* Task prompt
Output the line that contains "this 1600×1200 image." and every line after it to the end of the entries, with nothing added or left out.

** Data follows **

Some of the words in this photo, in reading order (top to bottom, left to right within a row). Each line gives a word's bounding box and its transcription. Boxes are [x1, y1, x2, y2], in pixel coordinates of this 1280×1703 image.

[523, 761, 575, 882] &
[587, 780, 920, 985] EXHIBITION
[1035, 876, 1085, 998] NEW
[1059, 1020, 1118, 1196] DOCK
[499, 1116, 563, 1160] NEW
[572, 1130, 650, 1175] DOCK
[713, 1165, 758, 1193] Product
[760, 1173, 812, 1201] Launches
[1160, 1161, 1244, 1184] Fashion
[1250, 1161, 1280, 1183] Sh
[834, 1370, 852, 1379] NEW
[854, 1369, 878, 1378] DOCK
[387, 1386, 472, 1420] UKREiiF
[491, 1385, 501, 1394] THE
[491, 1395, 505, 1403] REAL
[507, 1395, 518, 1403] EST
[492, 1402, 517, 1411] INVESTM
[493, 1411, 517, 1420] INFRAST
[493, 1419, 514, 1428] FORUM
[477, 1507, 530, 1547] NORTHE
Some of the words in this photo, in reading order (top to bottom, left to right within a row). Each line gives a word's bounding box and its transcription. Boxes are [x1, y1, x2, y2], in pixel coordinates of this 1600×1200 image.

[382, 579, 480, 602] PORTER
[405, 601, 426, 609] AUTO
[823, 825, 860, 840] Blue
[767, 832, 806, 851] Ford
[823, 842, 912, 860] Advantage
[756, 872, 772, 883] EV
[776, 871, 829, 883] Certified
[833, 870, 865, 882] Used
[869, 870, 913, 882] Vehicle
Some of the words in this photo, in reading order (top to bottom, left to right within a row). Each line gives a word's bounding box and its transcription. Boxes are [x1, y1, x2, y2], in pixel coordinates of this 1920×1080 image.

** End of Data **

* Answer section
Some of the words in this photo, in reading order (top to bottom, left to right within a row). Each line gives a word's bounding box and its transcription. Boxes are [x1, y1, x2, y2], in pixel coordinates of this 1600×1200 image.

[382, 579, 480, 602] PORTER
[405, 601, 426, 609] AUTO
[823, 825, 860, 840] Blue
[767, 832, 806, 851] Ford
[823, 842, 912, 860] Advantage
[756, 872, 772, 883] EV
[776, 871, 829, 883] Certified
[833, 870, 865, 882] Used
[869, 870, 913, 882] Vehicle
Some of the words in this photo, in reading order (top to bottom, left to right within a row). Each line gives a word's bounding box and its transcription. Boxes are [x1, y1, x2, y2], in pixel coordinates of this 1920×1080 image.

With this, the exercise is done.